According to a recent survey conducted by Murphy Research, 63% of Gen Z-ers say they have a best friend at work. Meanwhile, 51% of employees polled claim to have a best friend in the workplace.
This suggests that young people are interested in expanding their circle of friends at the office. Indeed, friendships can make a significant contribution to happiness at work: an overwhelming majority of respondents feel it gives them support in their professional lives (83%), and makes working days more enjoyable (79%).
For 78%, it also helps them feel less stressed.
But making friends with colleagues takes time. Research shows that it takes an average of 50 hours to develop a casual friendship, and 200 hours to become close friends.
Some employees are willing to invest their time in building friendships where they work, and employers often encourage their staff to do just that. Many companies organise social events – afterwork drinks, office parties, and so forth – to develop corporate culture and strengthen team bonding in a time when many employees report feeling highly isolated.
The individualisation of tasks and the rise of hybrid working have fuelled a profound sense of unease among some employees, especially those who regularly work out of office.
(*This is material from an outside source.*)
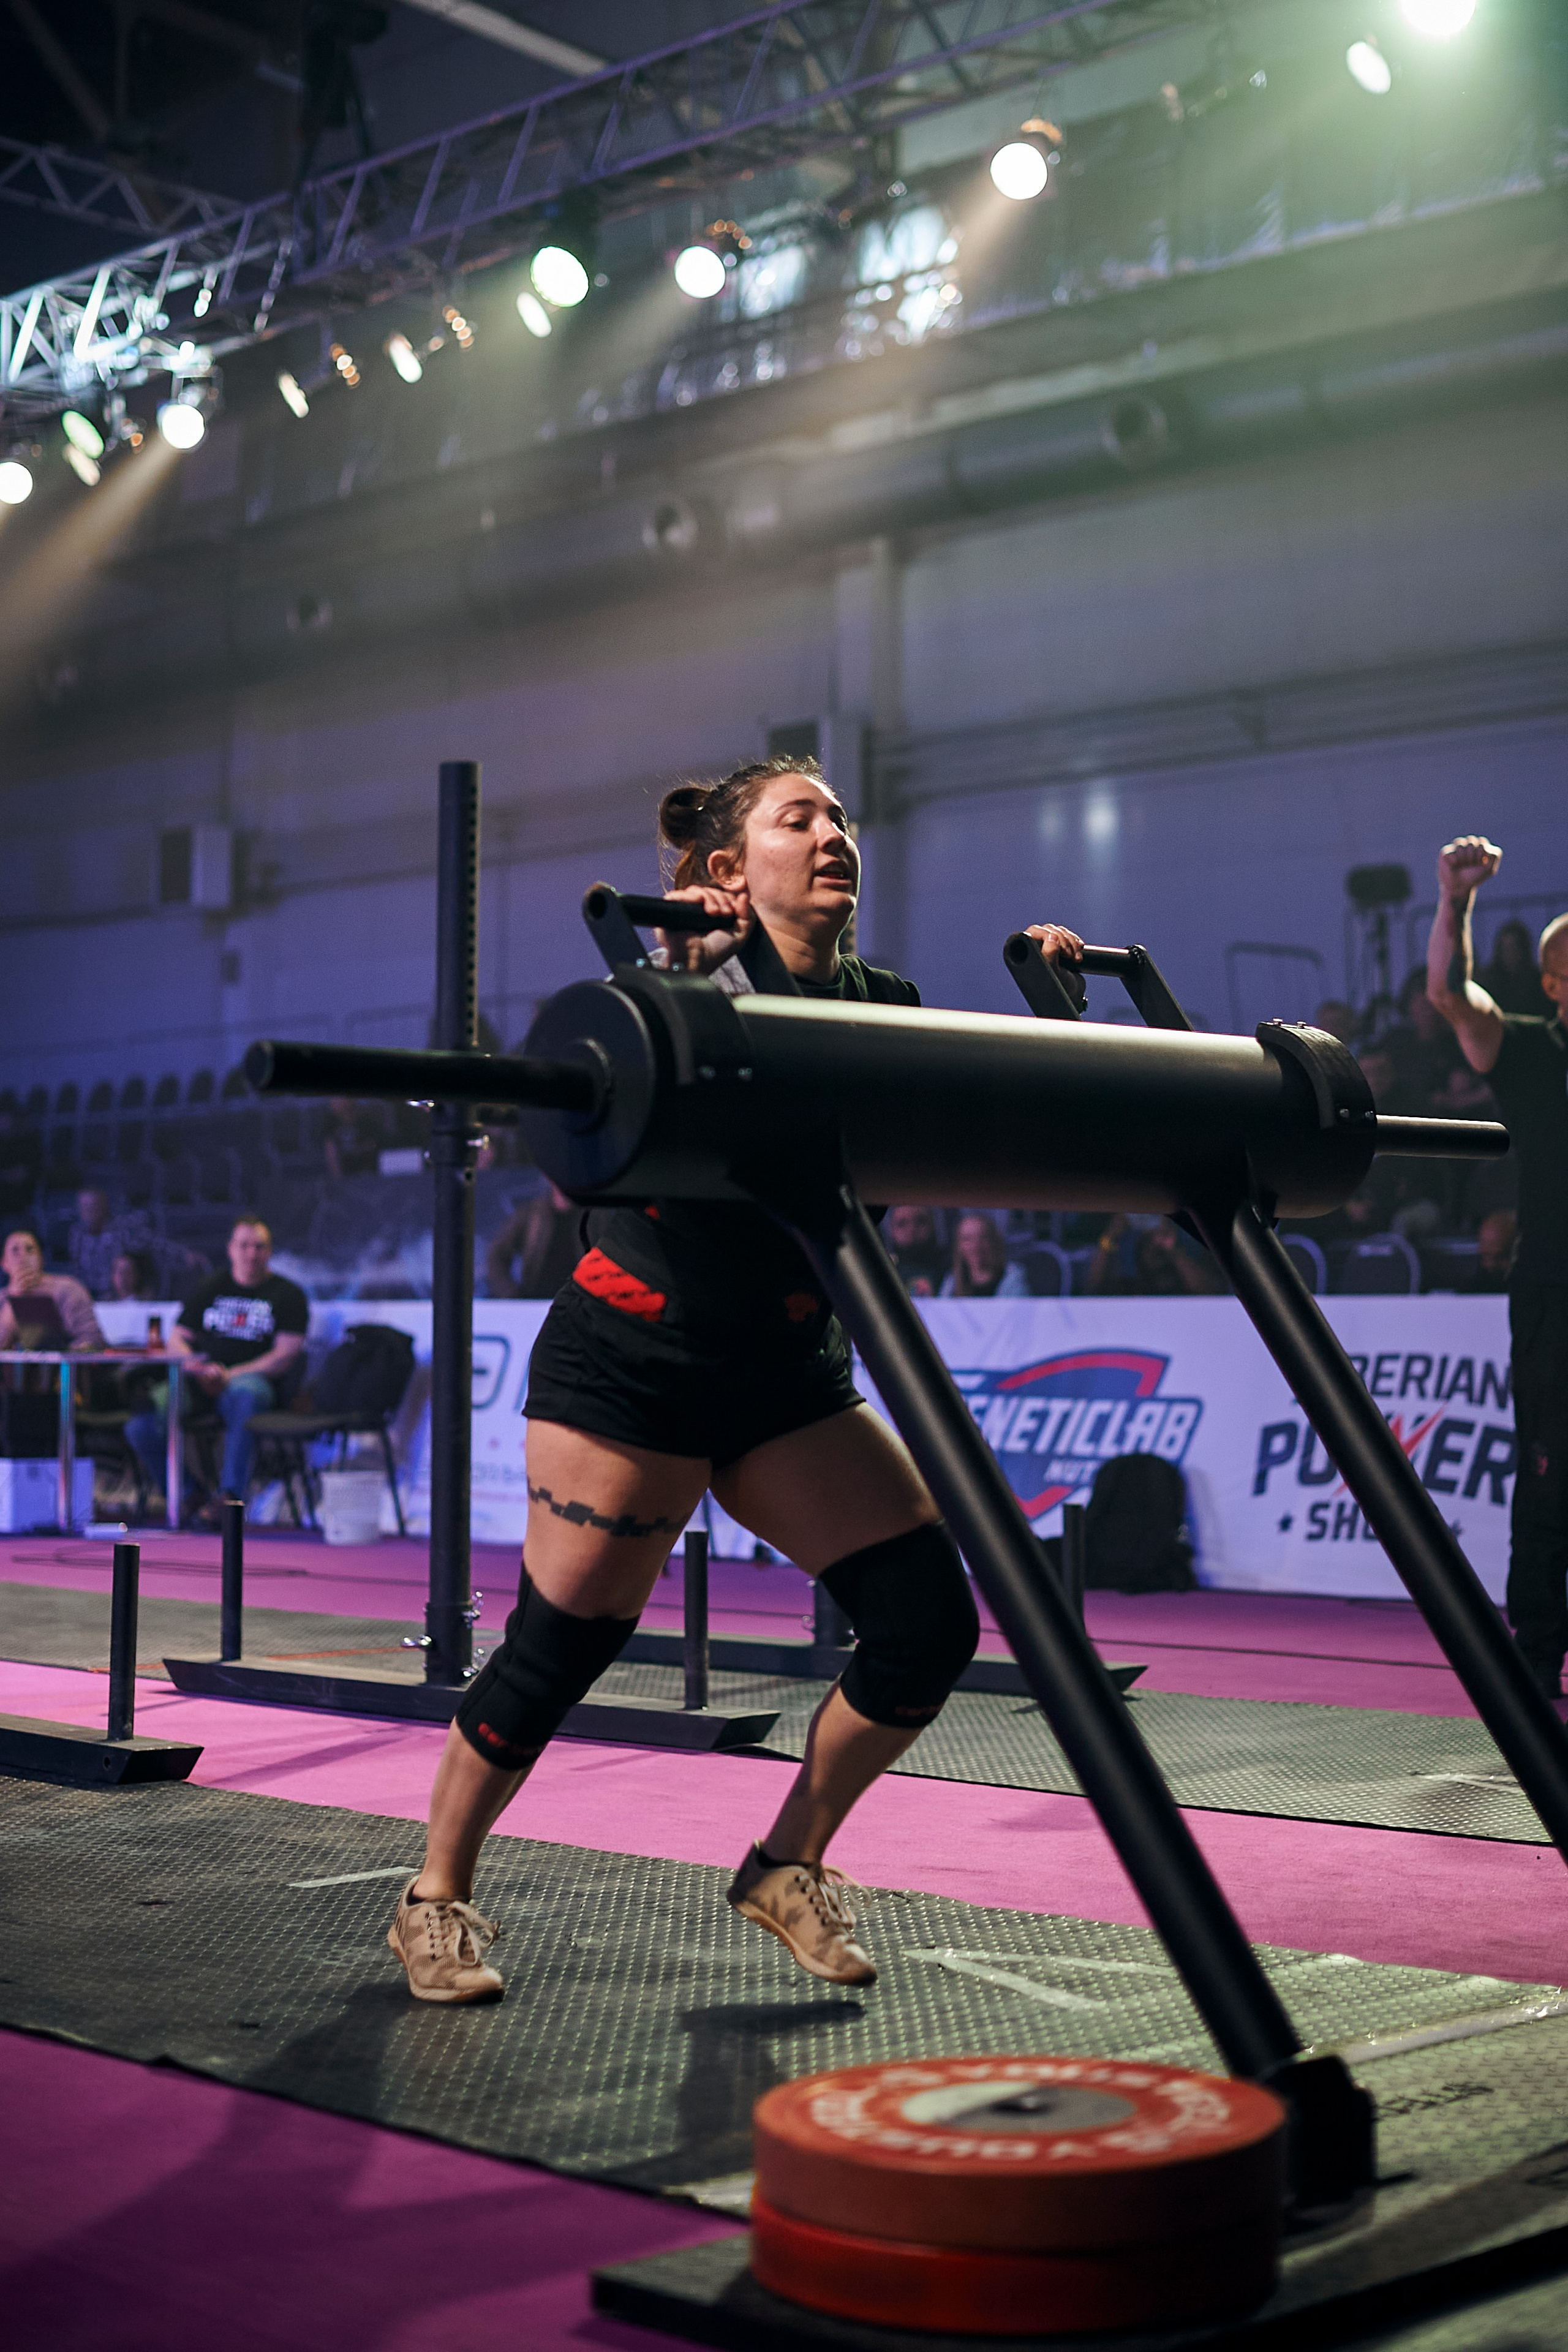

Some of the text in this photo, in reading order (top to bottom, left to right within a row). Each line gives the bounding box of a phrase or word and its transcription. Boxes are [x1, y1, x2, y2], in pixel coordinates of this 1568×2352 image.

[1349, 1353, 1511, 1411] ERIAN
[964, 1395, 1198, 1459] NETICLAB
[1252, 1415, 1518, 1507] POER
Nearly a third of remote workers say they feel lonely, compared with 21% of those who work on their company’s premises.
That said, while the office can be a great place for making friends, the workplace can sometimes jeopardise the friendships it helps to foster. Rivalries can arise if two friends are competing for the same job, or if one has a better relationship with management than the other.
Of course, it’s all a question of character: professional friendships can last for years without a hitch. But the key to success lies in defusing conflicts and talking frankly about one another’s expectations and desires.